Complex task or dependency chain?


(Andreas Axelsson) #1

I’m curious about what is the more “gradle” way to implement a complex task, as multiple small tasks that depend on each other, or as a single task doing a lot of work.

This stems primarily from the fact that it’s often easier to configure individual tasks, but it’s harder to get an overview, and in my particular case, the tasks aren’t that meaningful on their own.

Example pseudo code:

task modifyZip << {
exec { delete old files }
ant.unzip { the files }
exec { operate on extracted files }
exec { more operations on extracted files }
ant zip { new archive }
}

versus:

task prepare { delete old files }
task unzipStuff(dependsOn:[prepare]) { unzip }
task operate(dependsOn:[unzipStuff]) { operations on extracted files }
task packItUp(dependsOn:[operate]) { zip }
task modifyZip(dependsOn:[packItUp]) // It would be weird to name ‘packItUp’ ‘modifyZip’, IMO.

The former makes it clear that this is a single operation, where the inputs and outputs aren’t terribly useful unless the whole thing completes, but I have to use lower-level constructs, and the log contains less details.

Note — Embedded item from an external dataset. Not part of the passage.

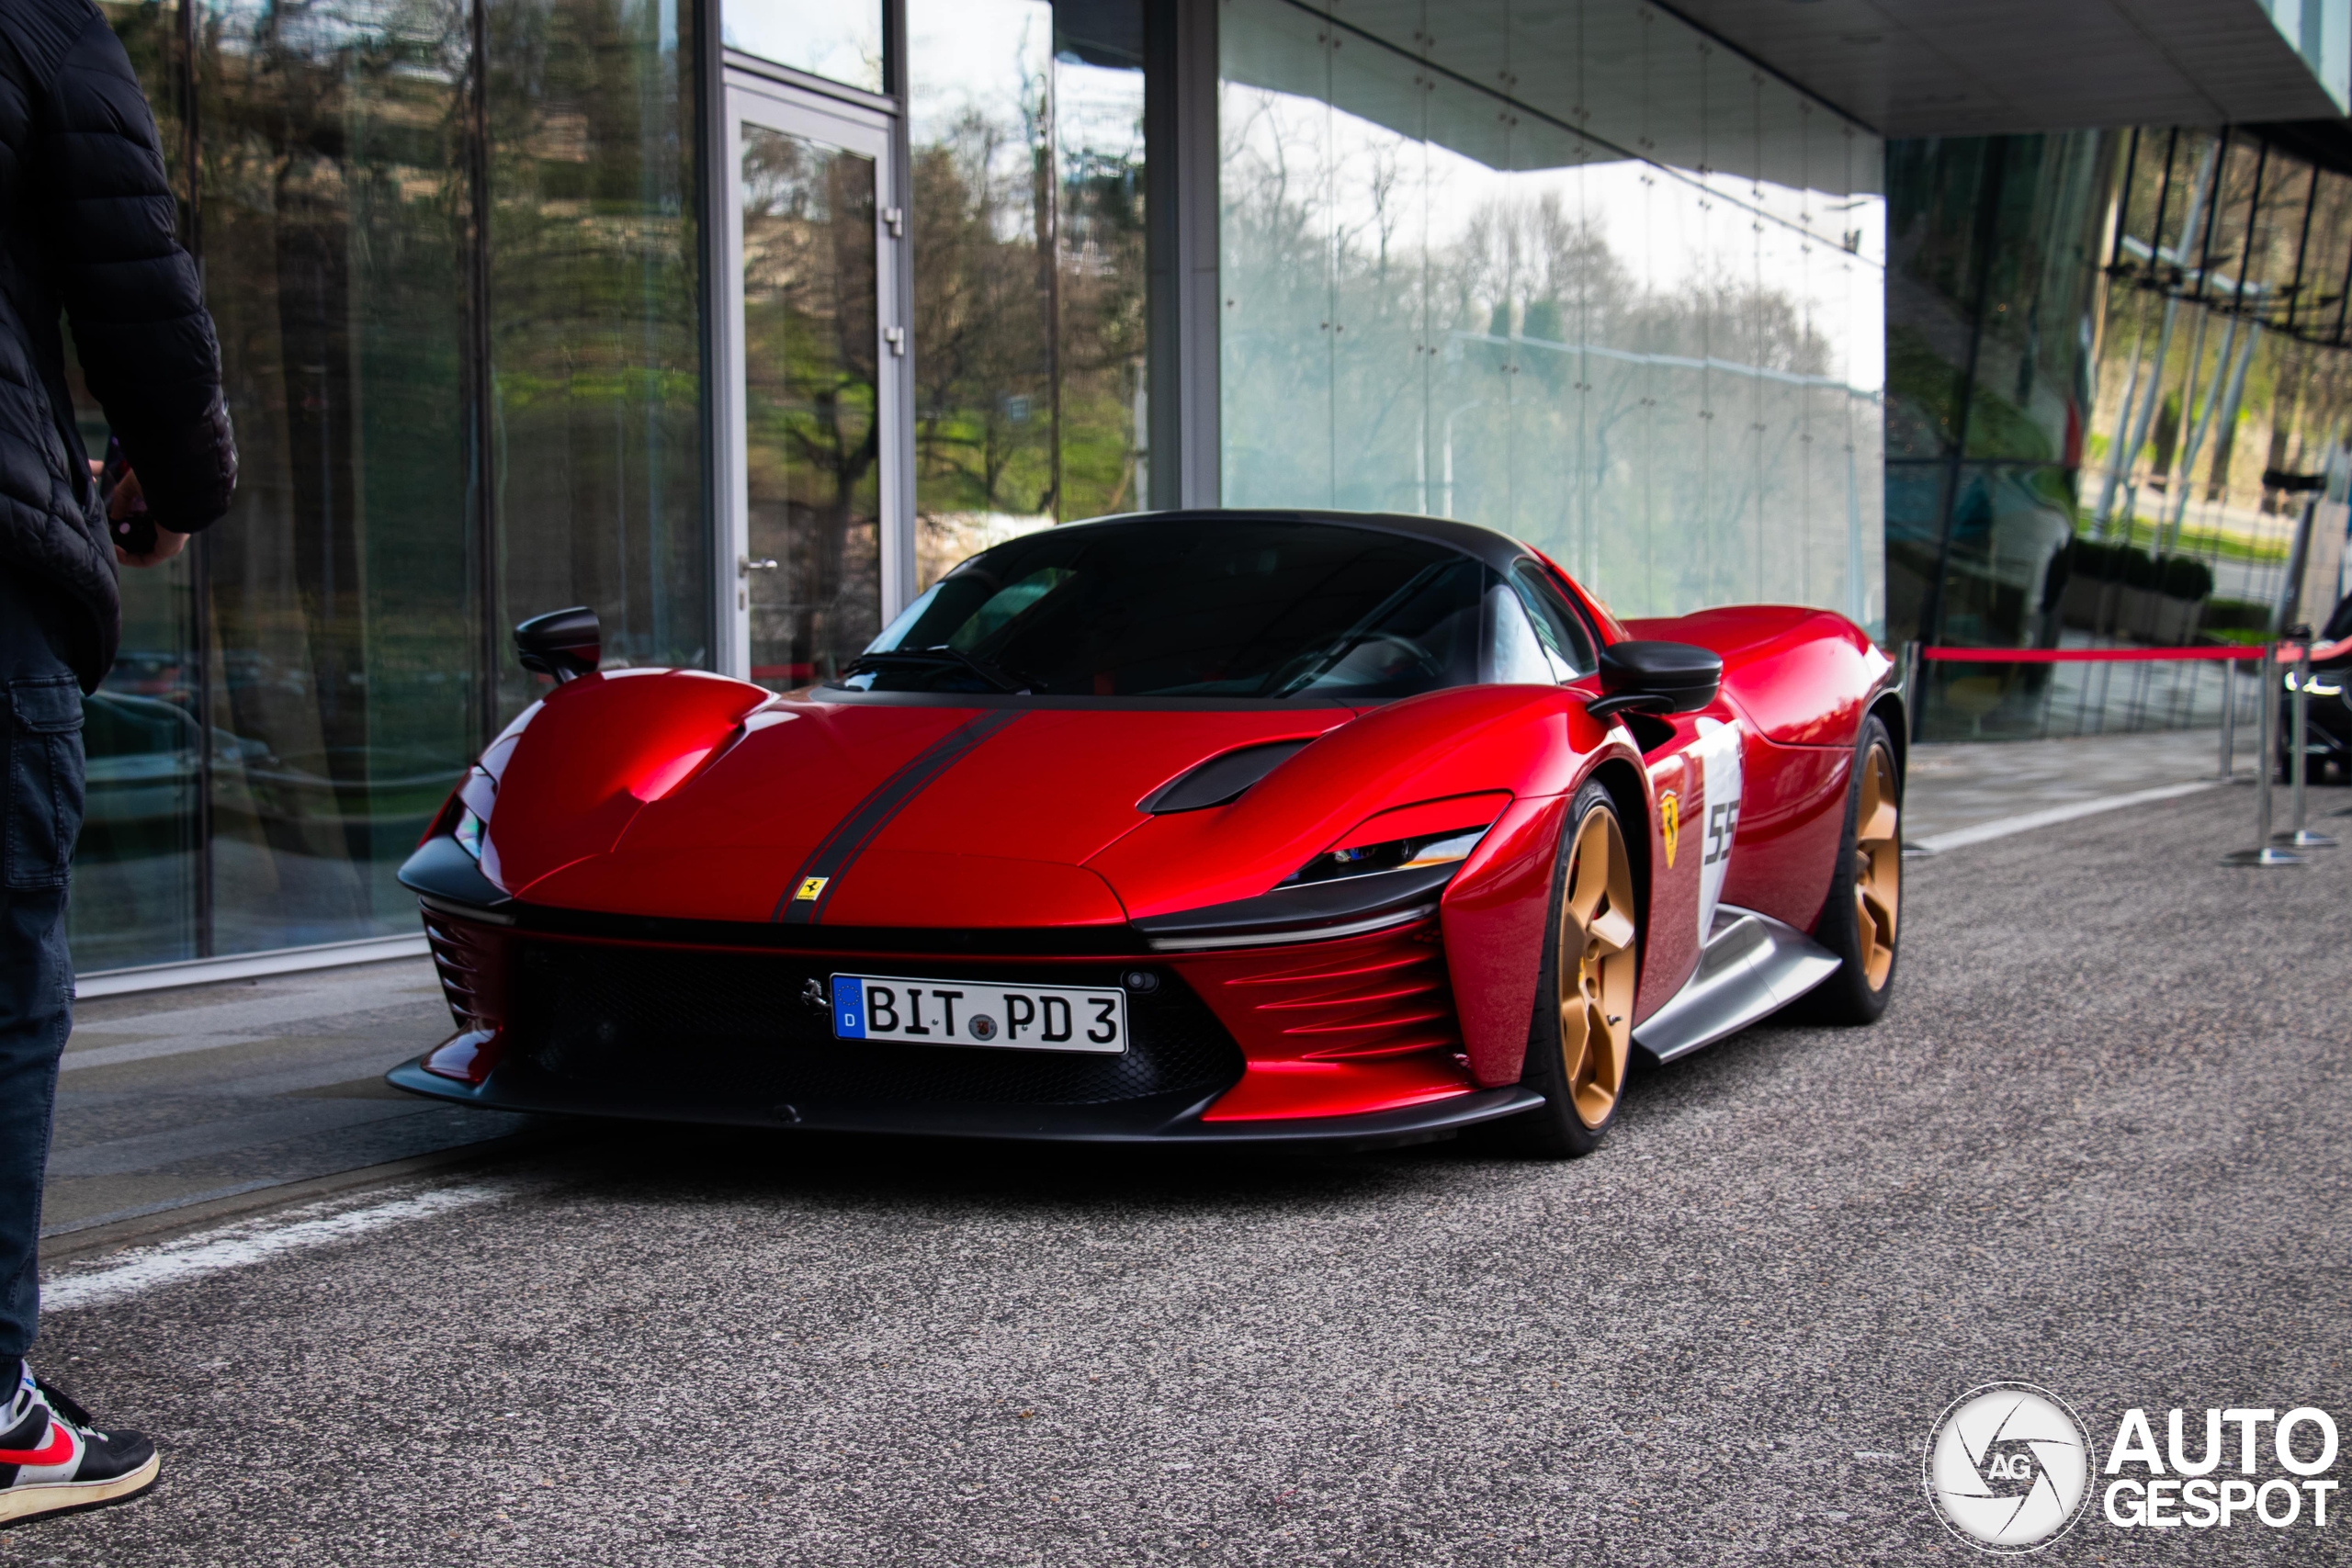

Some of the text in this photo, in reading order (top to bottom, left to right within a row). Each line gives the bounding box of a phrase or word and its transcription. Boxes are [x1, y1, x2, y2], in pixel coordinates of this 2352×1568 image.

The latter makes the individual actions stand out, and I can run partial operations, and I can utilize pre-packed tasks such as Copy/Zip/Exec, etc. On the other hand, the dependency chain can become long, and there’s no meaningful re-use of each task outside the chain.

Or perhaps there’s a completely different way to go about this? (Custom task class?)

Cheers,
/axl


Plugins: Complex Custom task type or dependency chain?
(Mark Vieira) #2

In almost all cases, the former is preferred. A task should do one thing. There are several reasons for this:

  1. Creating “composite” tasks usually means depending on things like Project.copy(), Ant tasks, or other methods to compose your task. This means things like incremental build support are lost. In general, using the appropriate task type Copy, Zip, Exec, is preferred.
  2. By doing the work in steps we can leverage incremental build support better in that we can skip work at a much more granular level.
  3. It’s generally more clear what our build is actually doing as each task has a discrete set of inputs/outputs and single function.

I don’t really see this as being a problem. Build users don’t really need to know the dependency chain, they only need know what they want the build to produce, and which task is responsible for that. Best way to do that is to document your tasks by giving them a good description and assigning them to an appropriate group. By doing so, other “undocumented” tasks are automatically hidden from the task report when running gradle tasks.


(Andreas Axelsson) #3

Ah, the “undocumented tasks are hidden” feature would help here, that is true. I was concerned with pollution of the task space, as I tend to document all tasks for my own benefit. Comments would of course work just as well for that purpose.


(Luis Mirabal) #4

If the chain of tasks happens to be a bunch of custom task classes in buildSrc. Is it possible to make one depend on the other? Or should we have a task of each type and link them in the script?
We wanted to expose in the script only the last one in the chain so that the script was more concise and only if you need to know the steps in detail you go to the definition of the actual tasks in buildSrc.


(Mark Vieira) #5

Yes. But this should probably be done in a plugin, which then gets applied to your build script. So the plugin would create the custom tasks, and add the dependencies.